Alla Natura interessa che la vita su questo pianeta non di estingua, ma continui a manifestarsi e ad esistere, per questo motivo ha creato una serie di meccanismi che consentono ad ogni forma di vita di svilupparsi e sopravvivere. Per la Natura la vita vuol dire solo una attività biochimica capace di trasformare l’ambiente da inanimato in animato. Che ciò possa farlo un essere unicellulare o un mammifero conta poco, importante che non si fermi il processo di sviluppo della vita.

La Natura si è dotata di uno strumento eccezionale, l’evoluzione. Da una semplice cellula, in un tempo molto lungo, si è arrivati ad esseri pluricellulari sempre più complessi, fino a forme di vita pensanti e capaci di prendere coscienza di sé.

E’ ormai scientificamente appurato che la vita viene dallo spazio, vedi la teoria della Panspermia cosmica. Aminoacidi, come la Glicina, virus e batteri viaggiano sulle comete e sugli asteroidi e quando giungono su un pianeta, se ci sono le condizioni ambientali idonee, iniziano ad attivare il processo evolutivo.

Questo è capitato sul nostro pianeta, ma anche su altri miliardi di pianeti sparsi nell’universo.

In tutto questo va considerata la Natura per quello che è, per il suo compito universale. Sul nostro pianeta alcuni miliardi di anni fa virus e batteri, grazie a due elementi determinanti per lo sviluppo della vita, il Sole e l’acqua, hanno creato le condizioni perché noi oggi, esseri senzienti, possiamo stare qui a scrivere e a parlare.

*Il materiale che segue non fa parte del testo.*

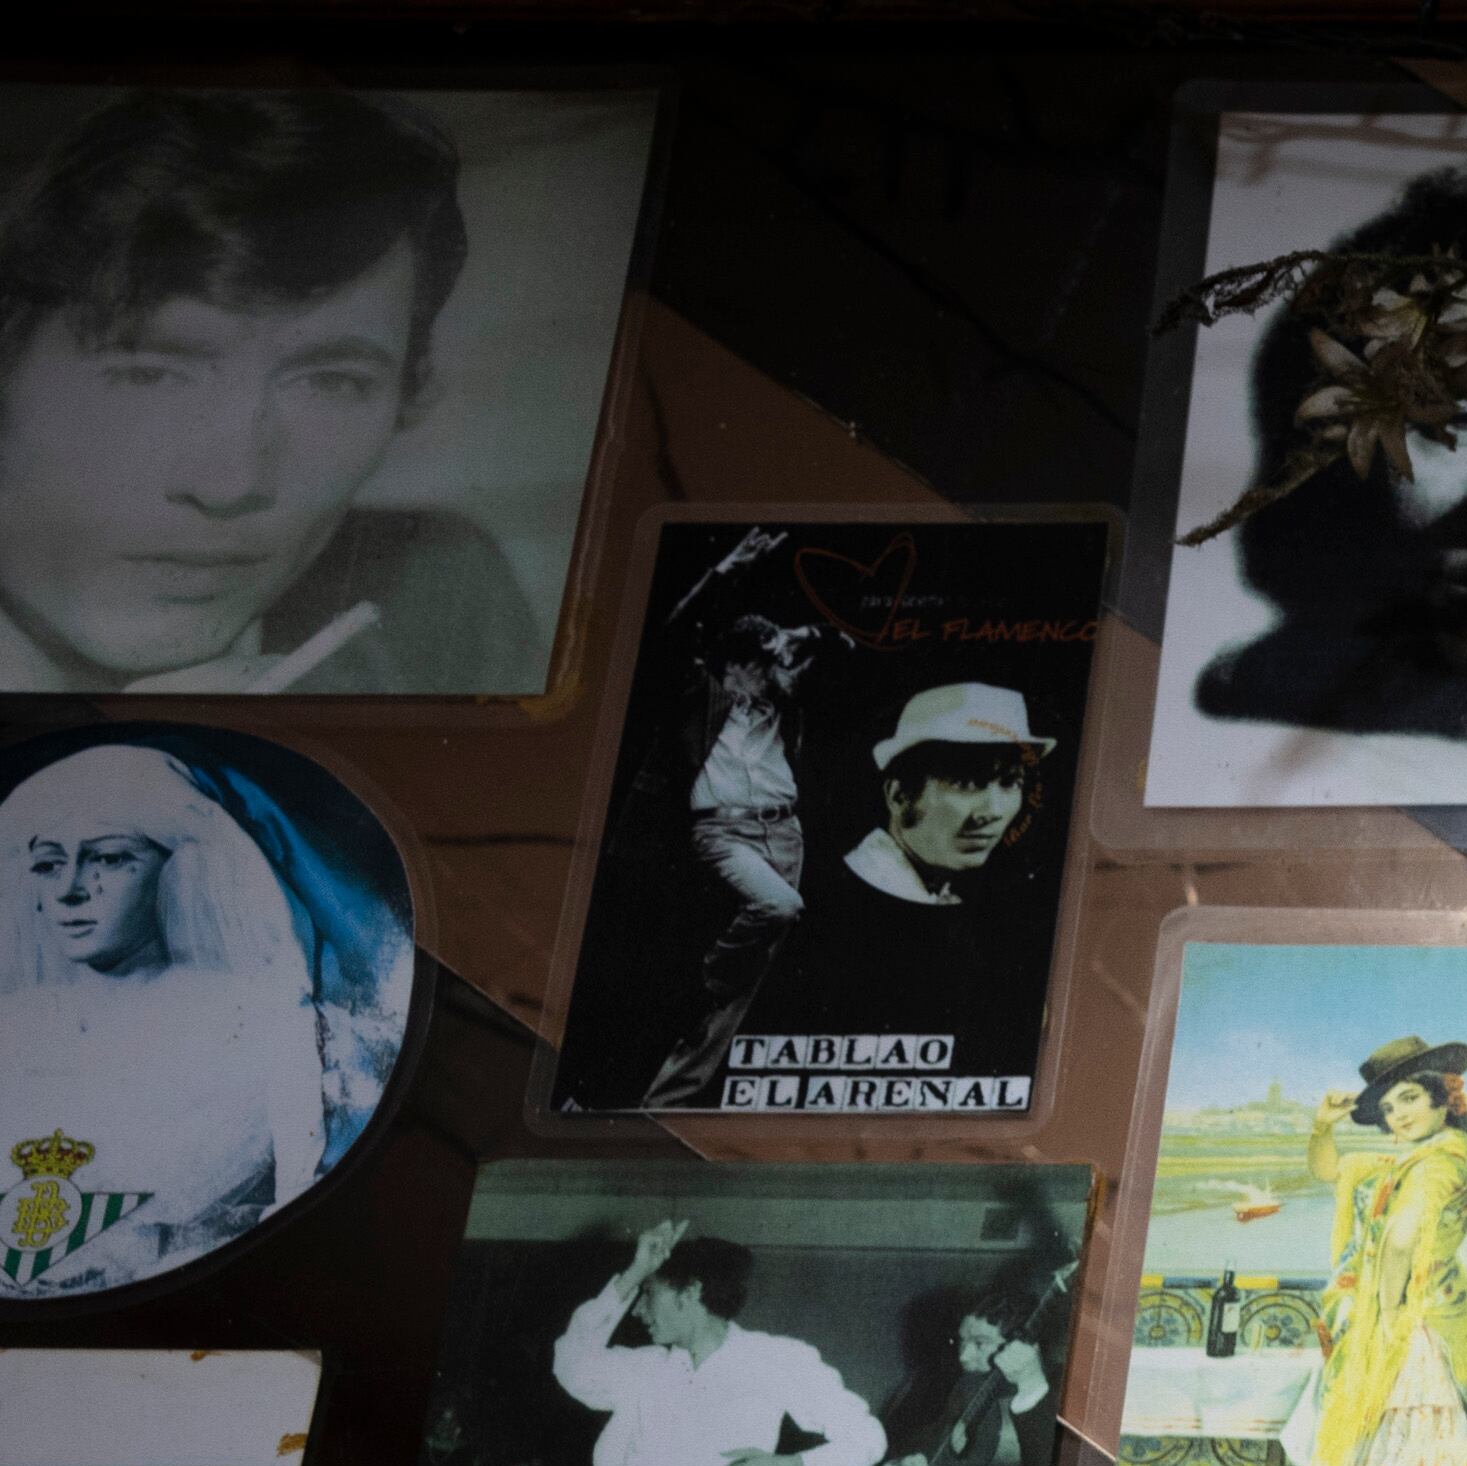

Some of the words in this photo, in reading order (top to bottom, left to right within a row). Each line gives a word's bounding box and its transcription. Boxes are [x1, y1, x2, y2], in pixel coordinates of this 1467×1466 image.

La Natura nel suo compito di dar la vita si è dotata di strumenti per noi umani a volte incomprensibili e a volte crudeli, come uccidere altri esseri, nutrirsi di loro, eliminare l’eccessiva crescita delle popolazioni, dagli insetti ai mammiferi, attraverso epidemie, malattie o catastrofi climatiche e geologiche; il tutto ai fini di garantire comunque la vita su questo pianeta. Quanta impressione può fare in noi umani la scena di un orca che raggiunge un cucciolo di foca vicino alla costa e con un boccone lo spezza in due e poi lo divora. Quanto orrore proviamo nel vedere l’arrivo di un nuovo maschio dominante in un branco di leonesse che uccide tutti i cuccioli della sua specie, solo per attivare l’estro delle femmine. E ancora, quanto rimaniamo inorriditi quando vediamo che alcuni mammiferi più piccoli, come ad esempio i criceti, appena partoriscono possono divorare alcuni loro piccoli solo perché ritenuti malati o in numero superiore al latte che possono disporre per alimentarli. E ancora esempi a non finire come il pesce più grande che mangia quello più piccolo, ecc.  Tutto questo cosa vuol dire? Semplicemente che la Natura ha un suo preciso obiettivo, come abbiamo già detto, quindi non va troppo per il sottile. Per cui niente poesia o sentimentalismo, la Natura è quello che è, prodiga e spietata nel contempo.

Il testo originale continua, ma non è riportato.